L’idea Facebook: smartglasses al posto dello smartphone






Tra i segnali di interesse per estendere la realtà aumentata alla portata di tutti, le indicazioni di Zuckerberg e la collaborazione con Luxottica

Gli smartphone potrebbero avere i giorni contati e l’Italia rischia di avere un peso importante in questo passaggio epocale. A prendere il loro posto, una nuova generazione di smartglasses. Dietro l’affermazione all’apparenza azzardata, si nasconde in realtà l’ultimo progetto ambizioso di Facebook. A dargli corpo, l’importante collaborazione avviata con Luxottica.

Nomi quindi abbastanza autorevoli da lasciar pensare non si tratti di un’operazione di marketing. Così come autorevole è la CNBC, protagonista della notizia e del relativo approfondimento.

Se fino a oggi gli smarglassess hanno incontrato poca fortuna, con Google e Microsoft in prima persona a farne le spese, il momento della potenziale rivincita si avvicina. Nei Reality Labs di Redmond, Facebook sta infatti lavorando già da qualche tempo a una soluzione di smartglasses con realtà aumentata.

Una sfida tutta da giocare

Un progetto avviato già da un paio di anni, dove però di recente è emersa la necessità di individuare un partner all’altezza della situazione. La scelta è ricaduta su Ray-Ban, marchio appunto di proprietà dell’italiana Luxottica. Obiettivo, mettere a punto un primo modello da proporre al mercato a partire dal 2023.

Dietro il nome in codice Orion, sta quindi crescendo un progetto dove gli smartglasses siano in grado di gestire chiamate e mostrare contenuti grazie a un minuscolo proiettore in grado di visualizzarli su una lente. La ridotta distanza tra occhio e immagini garantisce lo stesso effetto, se non maggiore, di un comune display da smartphone.

Fino a qui, niente di particolarmente innovativo. Facebook però, conta di andare oltre e riuscire dove tanti altri finora hanno fallito. Salvo applicazioni molto mirate, in particolare i Raptor di Everysight e i Vuzix, finora gli smartglassess hanno trovato fortuna solo in ambito professionale.

La strategia Facebook per invertire la tendenza passa anche per un sistema di riconoscimento vocale proprietario. Affiancato, e questa sembra una novità molto interessante, da un anello smart con un sensore per costruire un sistema di input del tutto insolito. Inoltre, l’obiettivo è riuscire a sostenere il peso di uno streaming di qualità senza interruzioni.

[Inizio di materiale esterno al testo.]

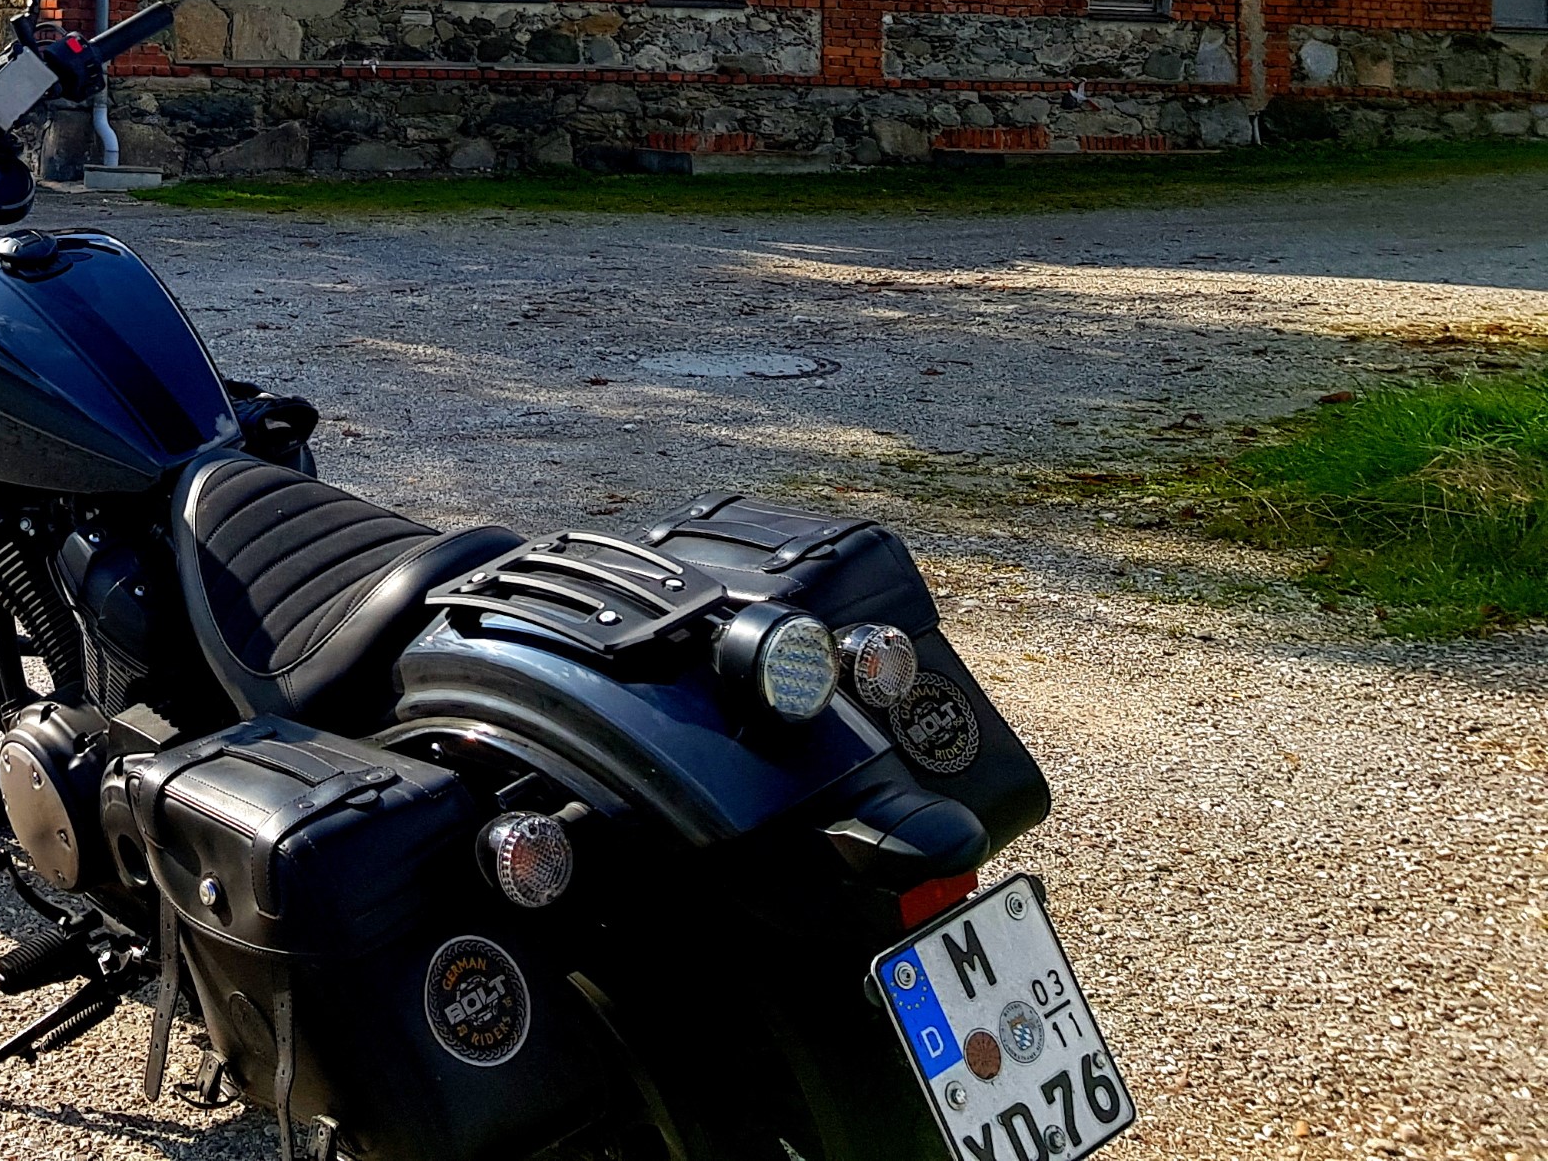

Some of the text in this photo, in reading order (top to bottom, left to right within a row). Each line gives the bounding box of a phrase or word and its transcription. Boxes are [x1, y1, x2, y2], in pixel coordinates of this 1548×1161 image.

[900, 685, 940, 719] GERMAN
[907, 701, 957, 744] BOLT
[934, 731, 968, 760] RIDERS
[442, 957, 487, 991] GERMAN
[941, 920, 997, 1000] M
[444, 974, 506, 1025] BOLT
[1031, 969, 1065, 1007] 03
[471, 1016, 512, 1046] RIDERS
[921, 1026, 944, 1058] D
[1052, 1011, 1083, 1048] 11
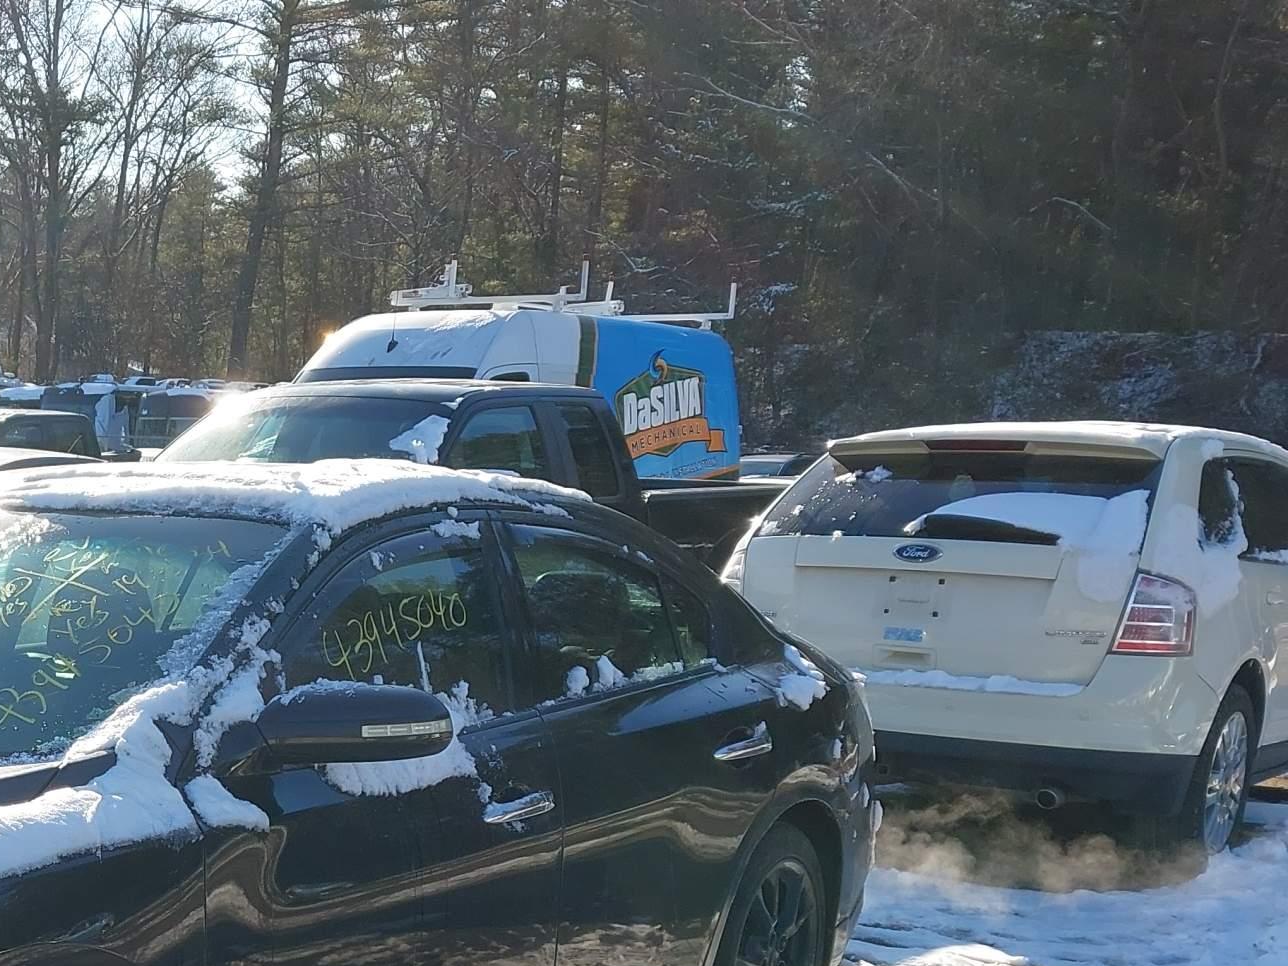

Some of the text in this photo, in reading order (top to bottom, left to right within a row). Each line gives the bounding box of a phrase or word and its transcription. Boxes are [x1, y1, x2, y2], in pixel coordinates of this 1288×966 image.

[623, 376, 702, 435] DaSILVA
[631, 425, 701, 453] MECHANICAL
[323, 589, 467, 681] 43945040
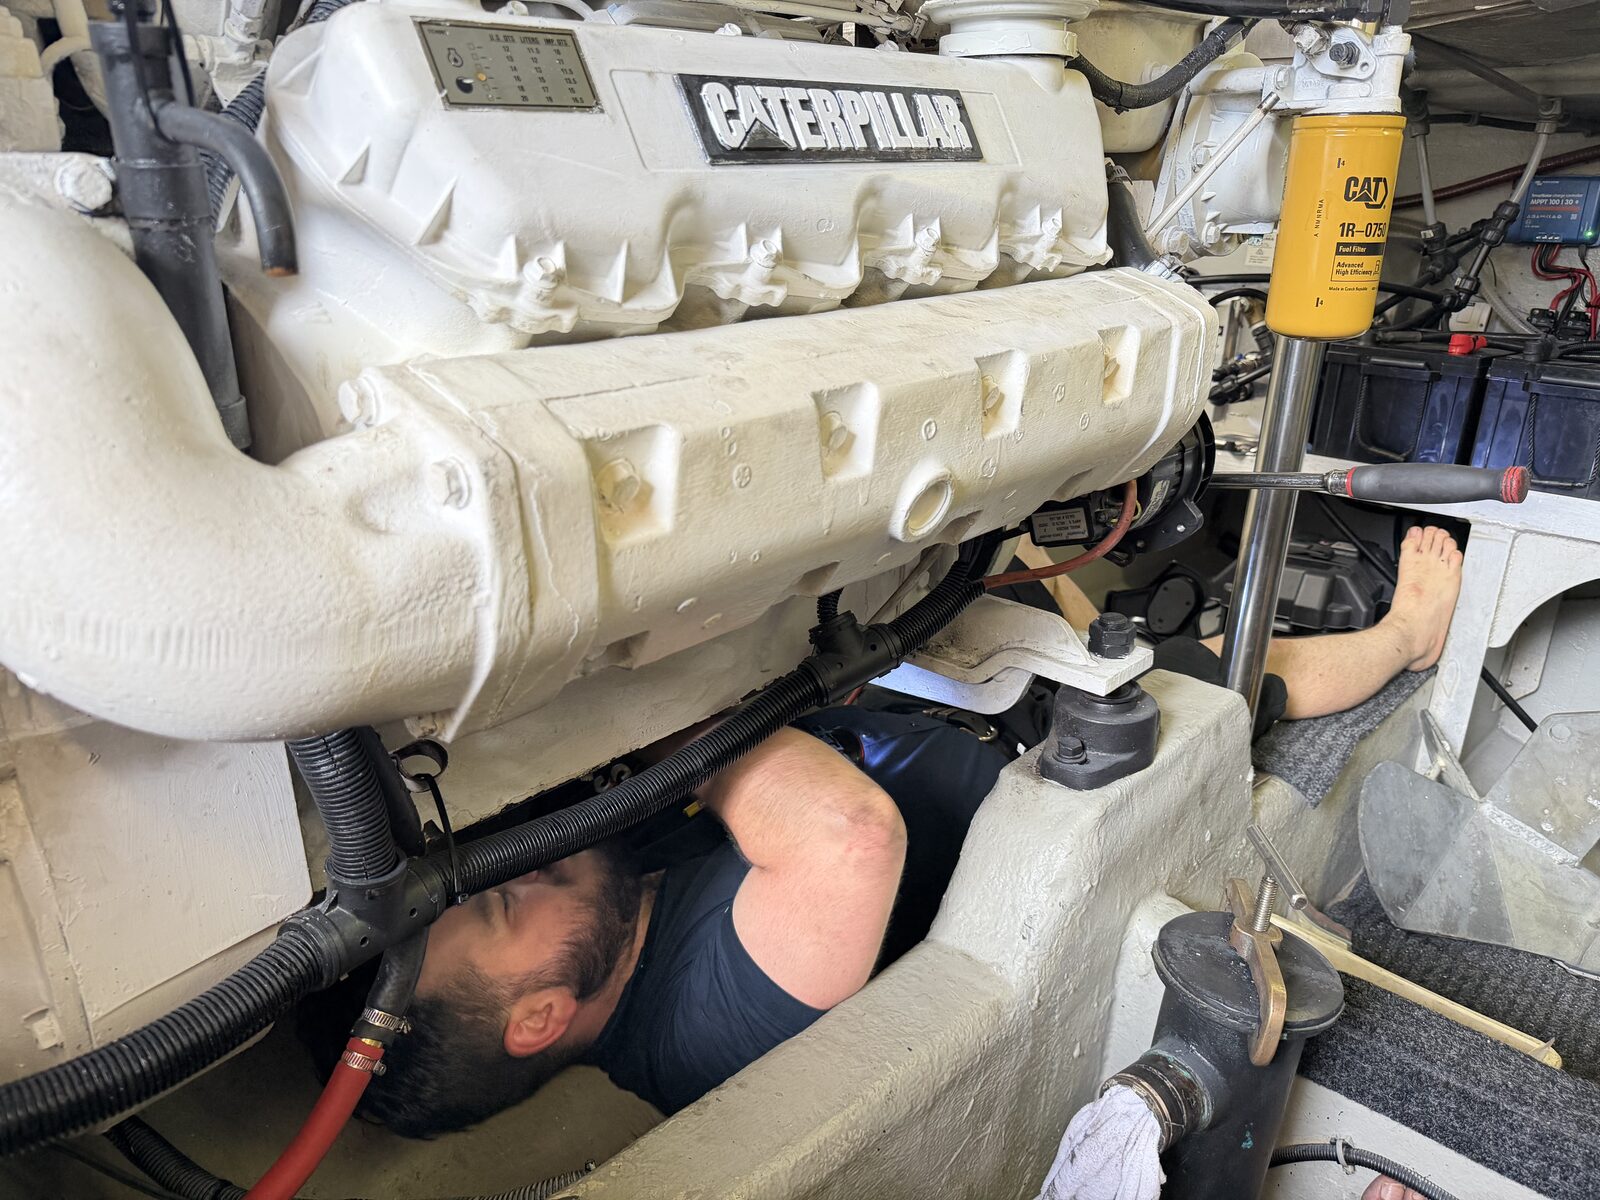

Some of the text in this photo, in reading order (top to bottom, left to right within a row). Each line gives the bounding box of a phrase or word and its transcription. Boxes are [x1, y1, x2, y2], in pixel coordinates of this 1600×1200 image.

[519, 36, 541, 45] LITERS
[701, 82, 972, 150] CATERPILLAR
[1344, 176, 1382, 203] CAT
[1339, 245, 1367, 253] Fuel Filter
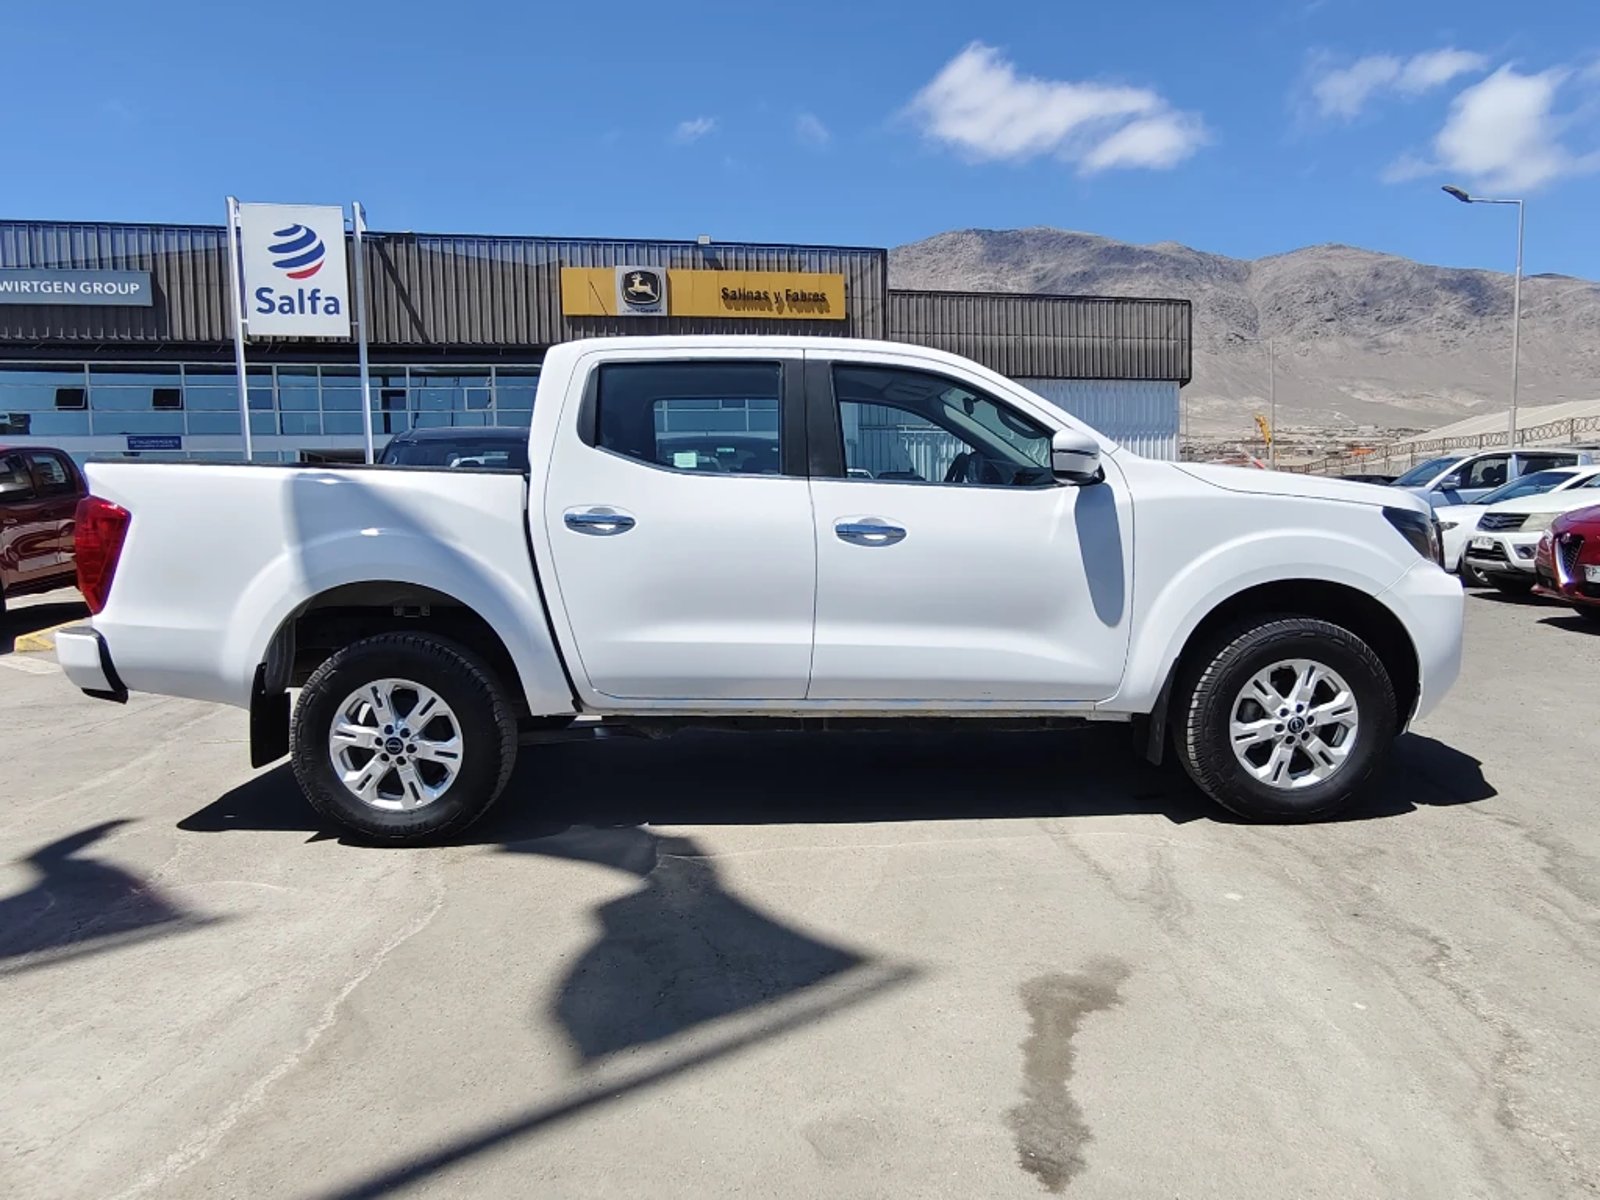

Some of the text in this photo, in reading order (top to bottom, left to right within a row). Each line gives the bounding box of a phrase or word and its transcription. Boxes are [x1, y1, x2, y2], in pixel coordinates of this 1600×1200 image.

[0, 280, 140, 295] WIRTGEN GROUP
[721, 287, 826, 304] Salinas y Fabres
[255, 287, 341, 315] Salfa
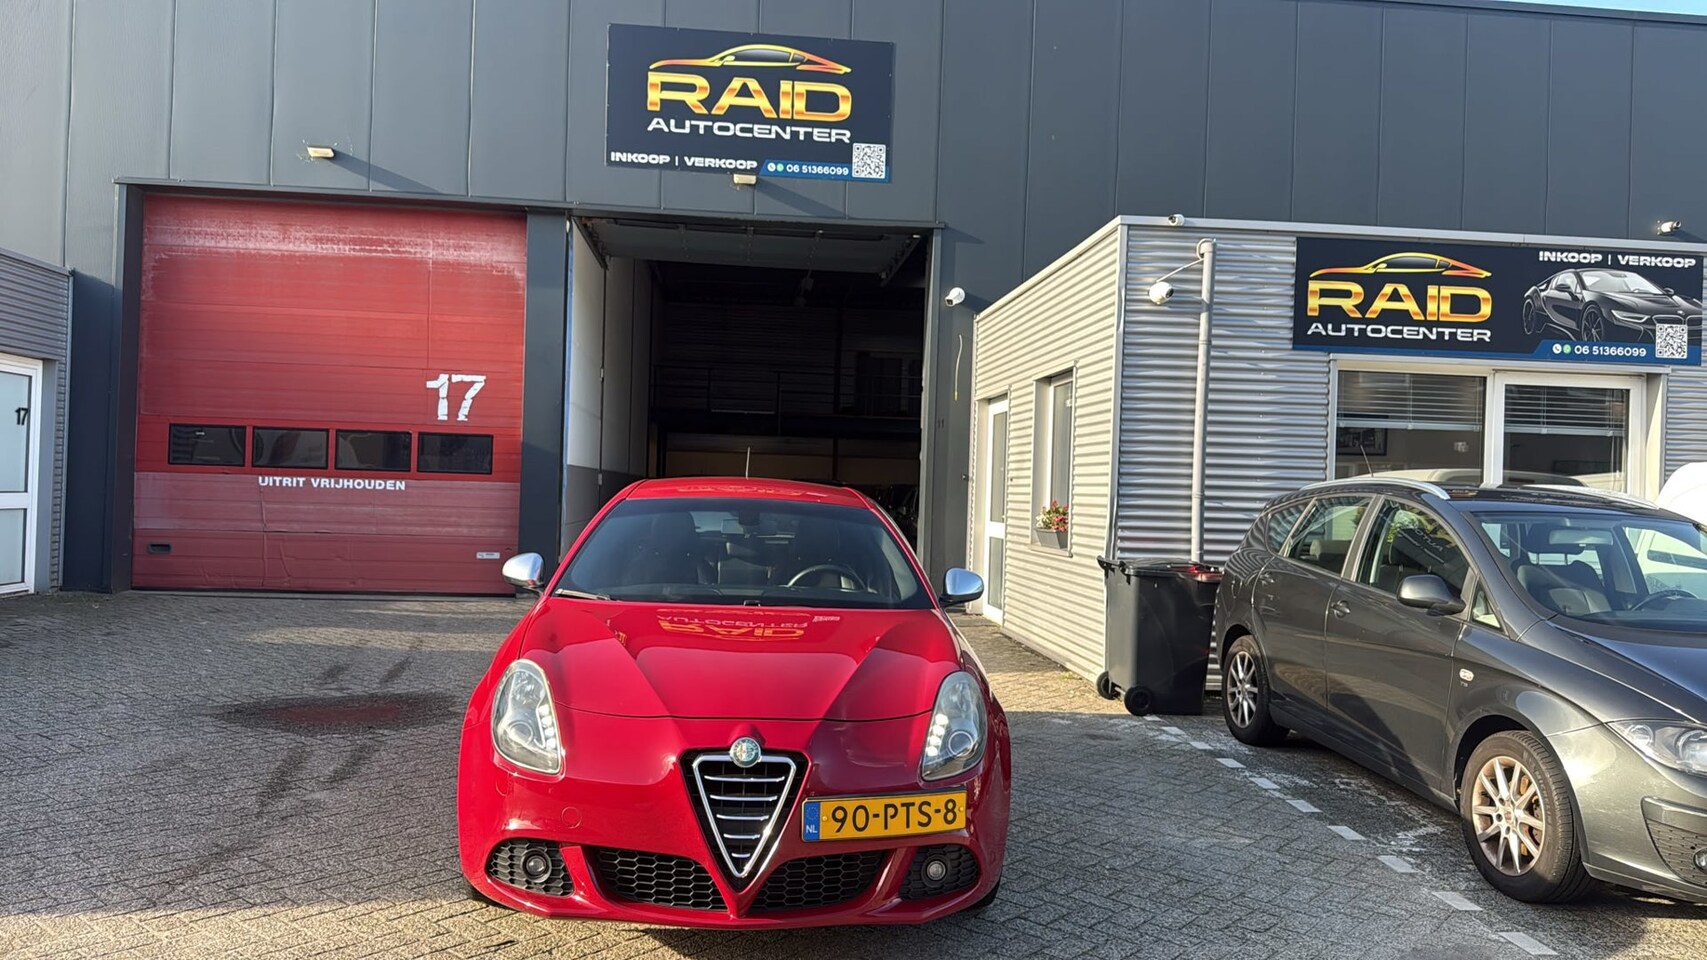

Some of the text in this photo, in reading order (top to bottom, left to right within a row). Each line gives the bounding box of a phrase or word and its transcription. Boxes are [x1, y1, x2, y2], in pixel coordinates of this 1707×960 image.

La nuova via tracciata da Facebook

Come per tanti altri pretendenti al mercato ancora tutto da scoprire degli smartglasses, anche Facebook finora ha concentrato il proprio impegno verso la riduzione degli ingombri e l’aumento dell’efficienza. Grazie anche alle competenze Luxottica, ora questa decisione ha buone possibilità di stravolgere le carte in tavola.

D’altra parte, non è certamente l’unico progetto in cui Facebook crede. A cambiare però, è la priorità. Secondo l’inviato della CNBC infatti, lo stesso CEO Mark Zuckerberg, crede molto negli smartglassess, al punto da averla indicata come priorità.

Da sottolineare però, come al momento ufficialmente siano da considerare voci. Per quanto precise e dettagliate infatti, né Facebook né Luxottica hanno ancora confermato ufficialmente collaborazione e obiettivi.

Non è neppure da escludere, si tratti di una fuga di notizie gestita ad arte, proprio pochi giorni prima di Oculus Connect 6. Se protagonista nell’occasione sarà comunque il visore, con diversa destinazione d’uso, si parlerà comunque di realtà virtuale e realtà aumentata.